# Dataset extract:

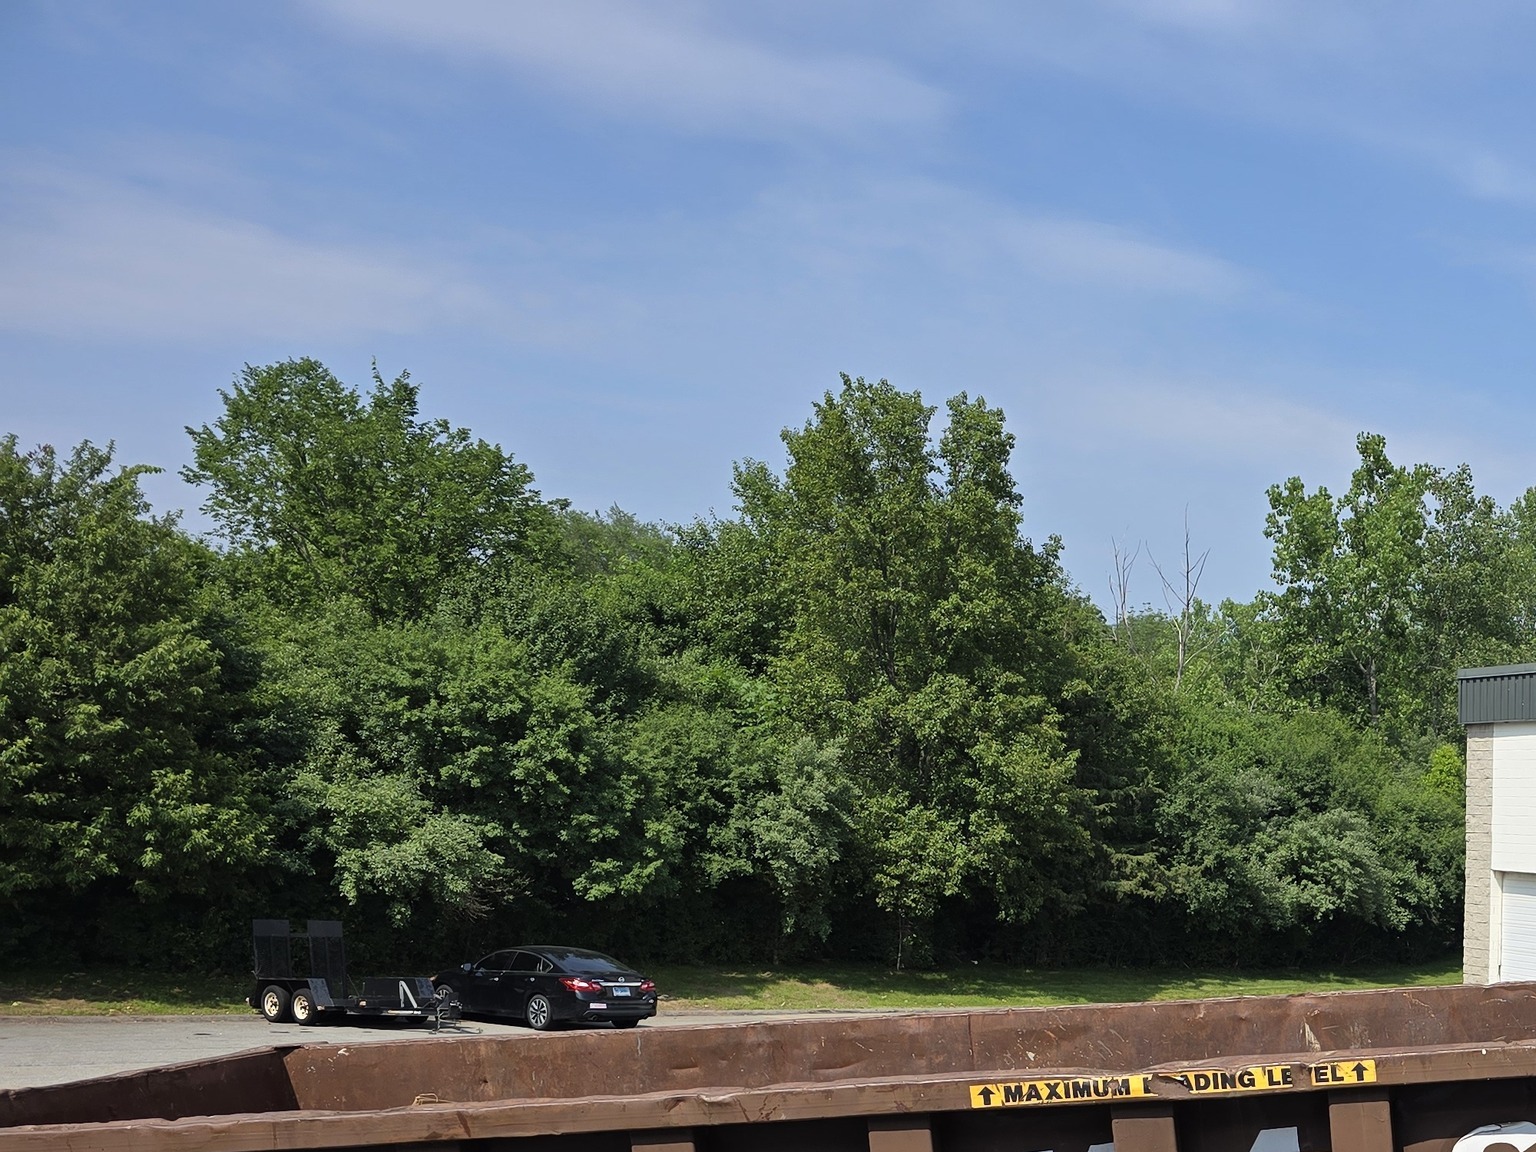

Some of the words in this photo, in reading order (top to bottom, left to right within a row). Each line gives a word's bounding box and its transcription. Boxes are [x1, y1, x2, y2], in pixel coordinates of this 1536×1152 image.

[1003, 1078, 1131, 1103] MAXIMUM
[1143, 1070, 1256, 1096] LADING
[1267, 1064, 1345, 1086] LEEL
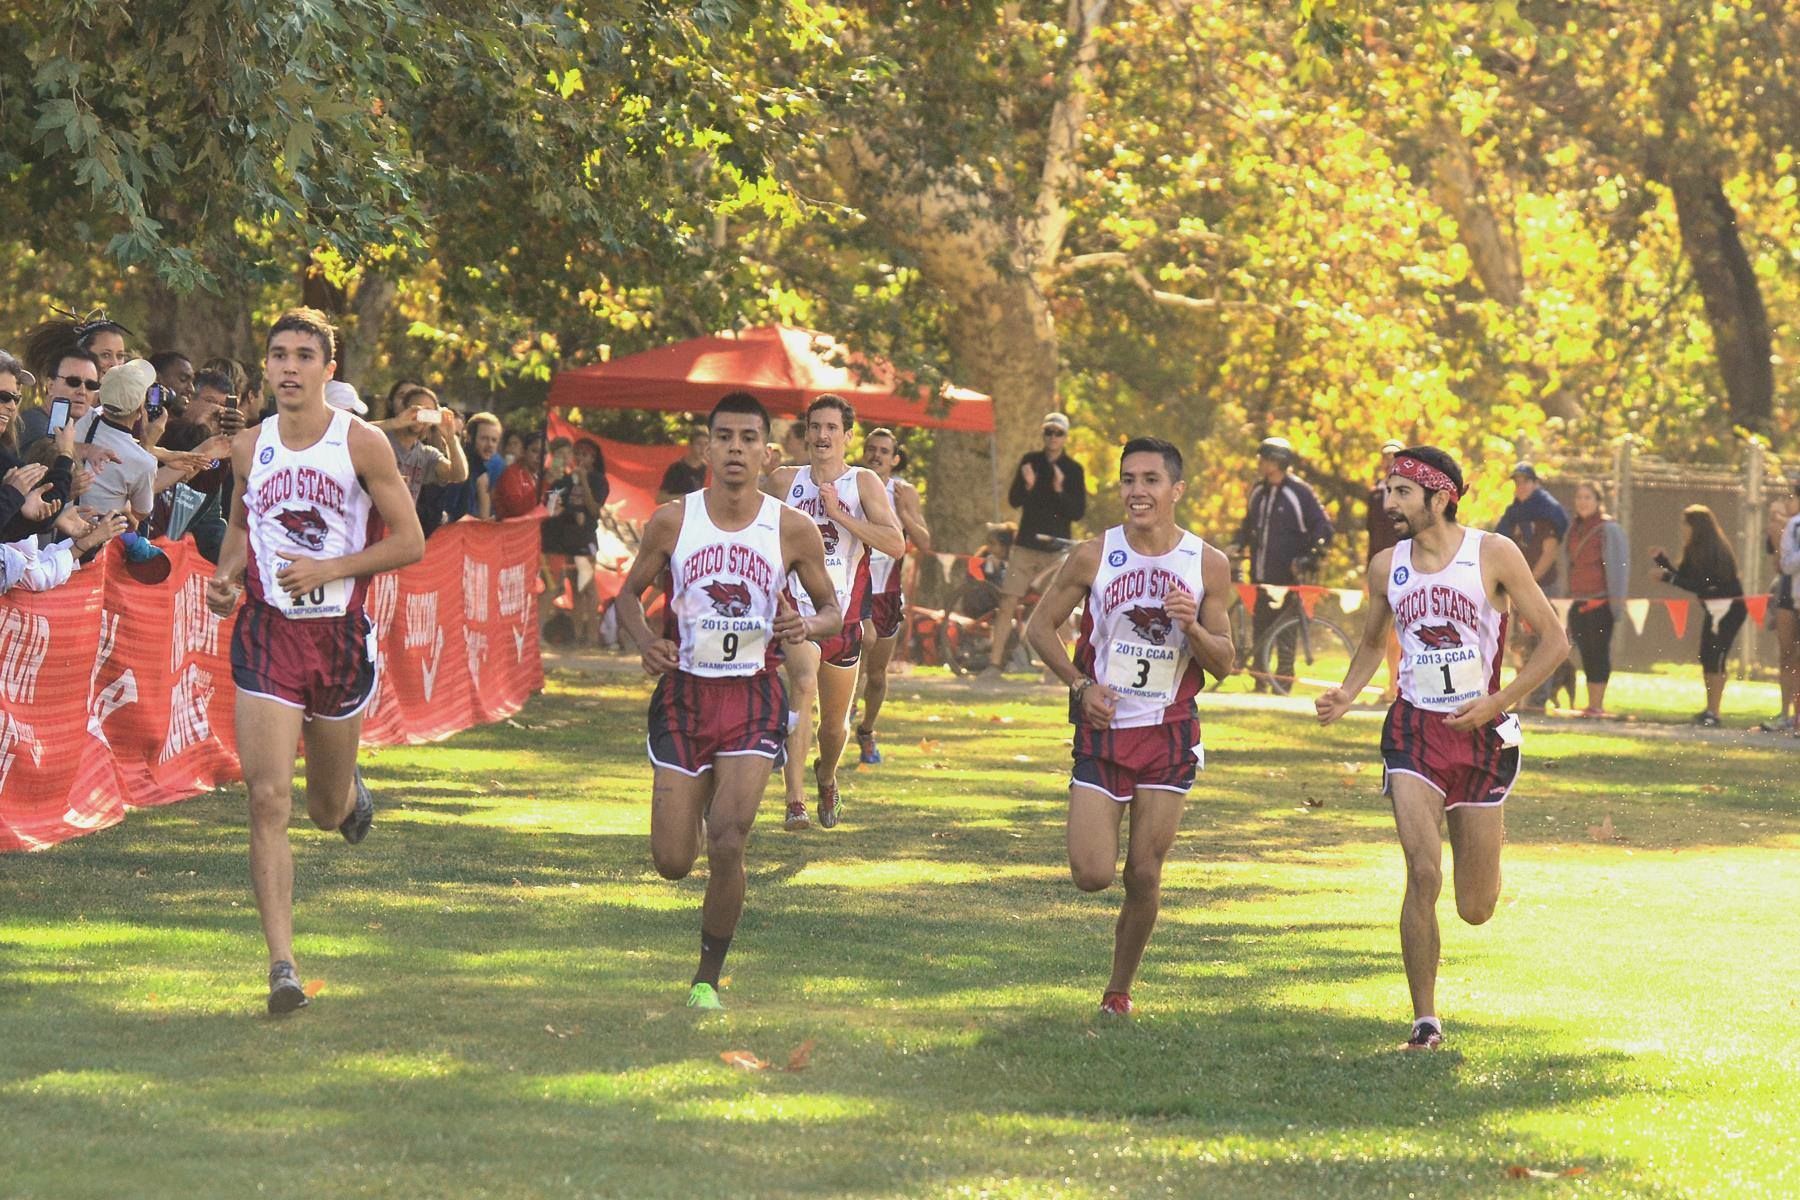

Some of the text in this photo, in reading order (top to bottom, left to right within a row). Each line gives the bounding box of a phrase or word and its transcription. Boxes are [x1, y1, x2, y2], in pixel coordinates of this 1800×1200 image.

[297, 467, 345, 517] STATE
[683, 543, 772, 597] CHICO STATE
[825, 557, 842, 567] CAA
[1103, 568, 1145, 616] CHICO
[1396, 586, 1478, 632] HICO STATE
[701, 619, 762, 632] 2013 CCAA
[0, 606, 51, 704] OUR
[722, 632, 739, 662] 9
[1115, 642, 1175, 661] 2013 CCAA
[1416, 649, 1476, 665] 2013 CCAA
[697, 661, 760, 671] CHAMPIONSHIPS
[1131, 658, 1151, 689] 3
[1439, 663, 1456, 695] 1
[1421, 690, 1482, 705] CHAMPIONSHIPS

# Exercise objective:
No line before the one containing "Some of the text" should be copied; restate that line and all the rest through the end of the data above word for word.

# Task result:
Some of the text in this photo, in reading order (top to bottom, left to right within a row). Each line gives the bounding box of a phrase or word and its transcription. Boxes are [x1, y1, x2, y2], in pixel coordinates of this 1800×1200 image.

[297, 467, 345, 517] STATE
[683, 543, 772, 597] CHICO STATE
[825, 557, 842, 567] CAA
[1103, 568, 1145, 616] CHICO
[1396, 586, 1478, 632] HICO STATE
[701, 619, 762, 632] 2013 CCAA
[0, 606, 51, 704] OUR
[722, 632, 739, 662] 9
[1115, 642, 1175, 661] 2013 CCAA
[1416, 649, 1476, 665] 2013 CCAA
[697, 661, 760, 671] CHAMPIONSHIPS
[1131, 658, 1151, 689] 3
[1439, 663, 1456, 695] 1
[1421, 690, 1482, 705] CHAMPIONSHIPS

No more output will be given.